Hedgehogs are disappearing fast – gardeners to the rescue

Hedgehogs are disappearing fast – gardeners to the rescue



Hedgehogs are disappearing as fast as the tiger. And if the latter was roaming our countryside it might have more of a fighting chance: I wouldn’t find two dead tigers squashed on the road within a mile of each other like the little prickly carcasses I saw last weekend.

Tigers are also getting plenty of international help – charismatic “megafauna” always does – but for all the “ahhs” induced by Mrs Tiggy-Winkle, the hedgehog was not even counted scientifically in Britain until recently.

Hedgehog in grass 008
‘Hedgehogs are the animal equivalent of the girl next door – they allow us to have a connection with something truly wild in a suburban context.’ Photograph: Nacivet/Getty Images

A new State of Nature report by 25 conservation groups including the Wildlife Trusts, the RSPB and the Mammal Society is predictably depressing: most British species are struggling and one in three have halved in number in the past half century. Hedgehogs have disappeared even more dramatically. Even if the 30 million population estimate from the 1950s is a massive over-exaggeration, hedgehogs have declined by more than 90%. Numbers have fallen by more than a third since 2003 and fewer than a million roam our countryside today.
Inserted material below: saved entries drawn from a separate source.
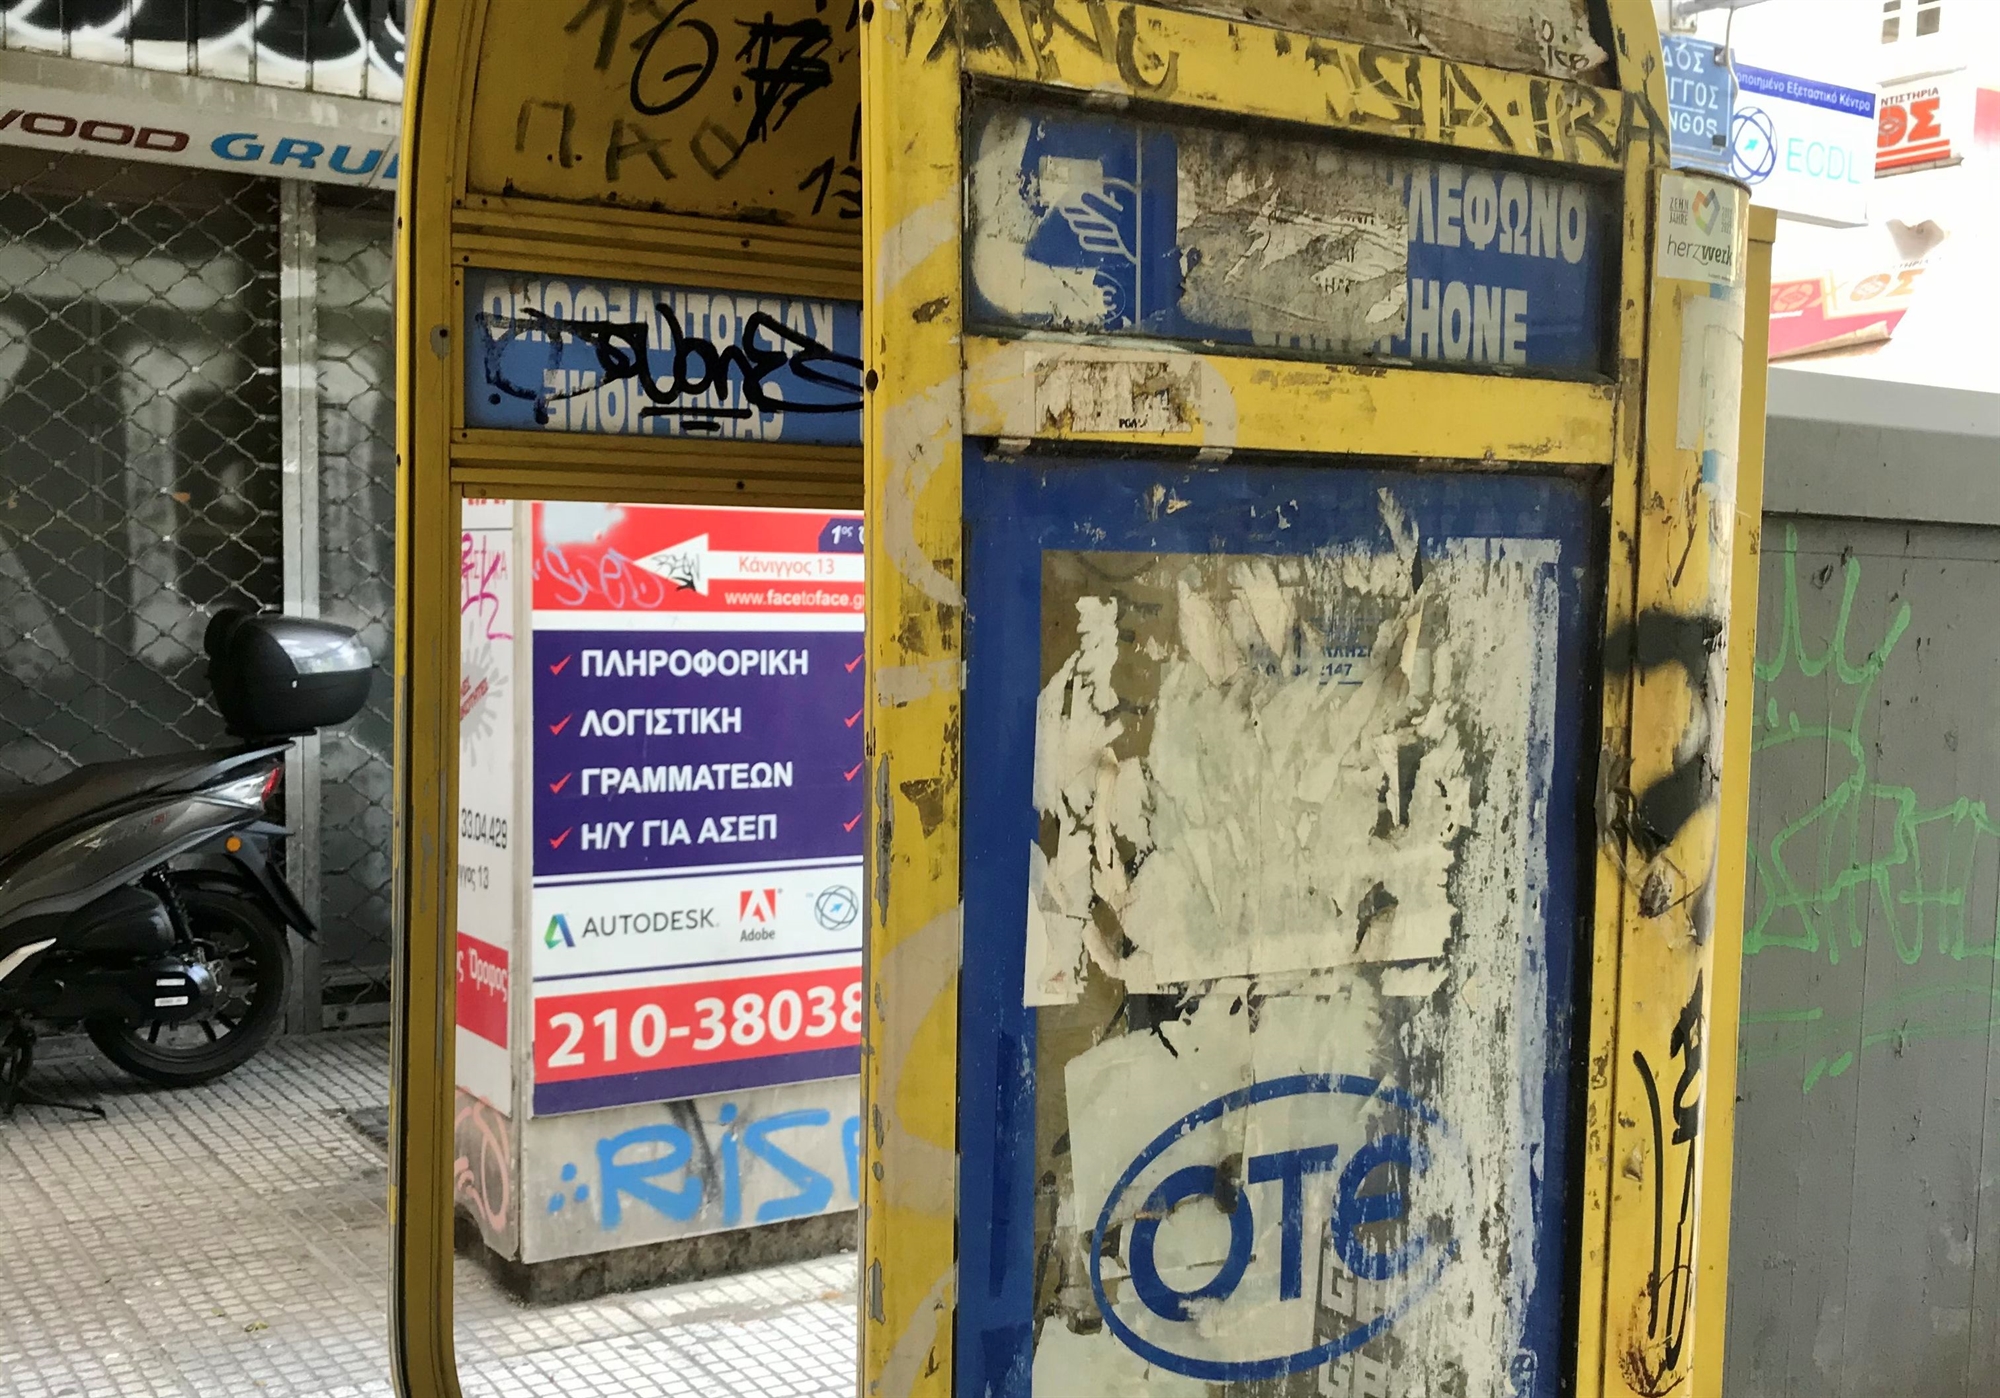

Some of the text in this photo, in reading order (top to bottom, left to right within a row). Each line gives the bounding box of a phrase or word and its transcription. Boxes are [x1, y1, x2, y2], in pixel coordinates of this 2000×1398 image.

[1667, 76, 1719, 111] ΓΓΟΣ
[1736, 72, 1871, 112] οποιημένο Εξεταστικό Κέντρο
[1881, 87, 1940, 107] ΝΤΙΣΤΗΡΙΑ
[1785, 137, 1861, 184] ECDL
[1669, 197, 1689, 210] ZEHN
[1669, 212, 1688, 226] JAHRE
[738, 556, 835, 579] Κάνιγγος 13
[581, 648, 809, 678] ΠΛΗΡΟΦΟΡΙΚΗ
[580, 706, 743, 738] ΛΟΓΙΣΤΙΚΗ
[581, 761, 793, 796] ΓΡΑΜΜΑΤΕΩΝ
[581, 813, 777, 851] Η/Υ ΓΙΑ ΑΣΕΠ
[478, 864, 489, 890] 13
[582, 907, 776, 942] AUTODESK Adobe
[547, 984, 862, 1069] 210-38038
The quiet disappearance of this much-loved mammal – currently performing strongly in a BBC Wildlife Magazine poll to find a national species for Britain – may rarely make the headlines but it is a tragedy, and another small way in which we are all becoming more estranged from the natural world.

Hugh Warwick, ecologist and author of A Prickly Affair, puts it brilliantly. Exotic endangered animals like tigers and pandas are the Hollywood celebrities of our day. “All the big conservation groups rely on charismatic megafauna to sell a love of the natural world, which is a bit like reading Heat magazine to learn about love,” he says. “Hedgehogs are the animal equivalent of the girl next door – the hedgehog allows us to have a connection with something truly wild in a suburban context.”

You don’t need to take your children on safari to see a hedgehog. And unlike elusive native mammals such as otters or badgers, you can also get really close to a hedgehog because they don’t run away. But despite this accessibility, as Warwick points out, when you look into a hedgehog’s beady eye you realise you are communing with a truly wild animal.

Despair and helplessness come too quickly when faced with the inexorable decline of our wildlife. It seems as easy to dismantle capitalism as it is to put the larks back into the sky. But we can’t simply blame climate change and industrial agriculture for the loss of hedgehogs. (Nor can we accuse the burgeoning badger population: while scientific studies show hedgehogs literally run a mile if they sniff out badger poo and a high density of badgers will wipe out local hedgehogs, ecologists believe this only happens when food is scarce. In a healthy ecosystem, both species coexist quite happily, as they have in Britain for millennia.)

A major cause of recent hedgehog declines is us, or at least anyone with a garden. We are to blame and we can do something about it.

Hedgehogs were once a wood-edge species and suffered when country hedges were ripped out. Suburban gardens were a perfect substitute, until we started paving them, decking them and building on them.

As well as smashing up our patios, resisting the urge to poison slugs with toxic pellets and allowing for grass and wild corners where hedgehogs can find invertebrate prey and shelter, the best thing we can do is punch some holes in our fences. A hedgehog may roam an area the size of an 18-hole golf course in one night in search of food; modern, well-fenced or walled gardens prevent this. They only need five-inch square holes – hedgehog gates, if you like – to pass through.

As the British Hedgehog Preservation Society’s campaign, Hedgehog Street, urges, we need to act together: your garden may be a perfect hedgehog sanctuary but it’s useless if your neighbour’s isn’t. Hedgehog Street already has 26,000 hedgehog champions. It could do with some more.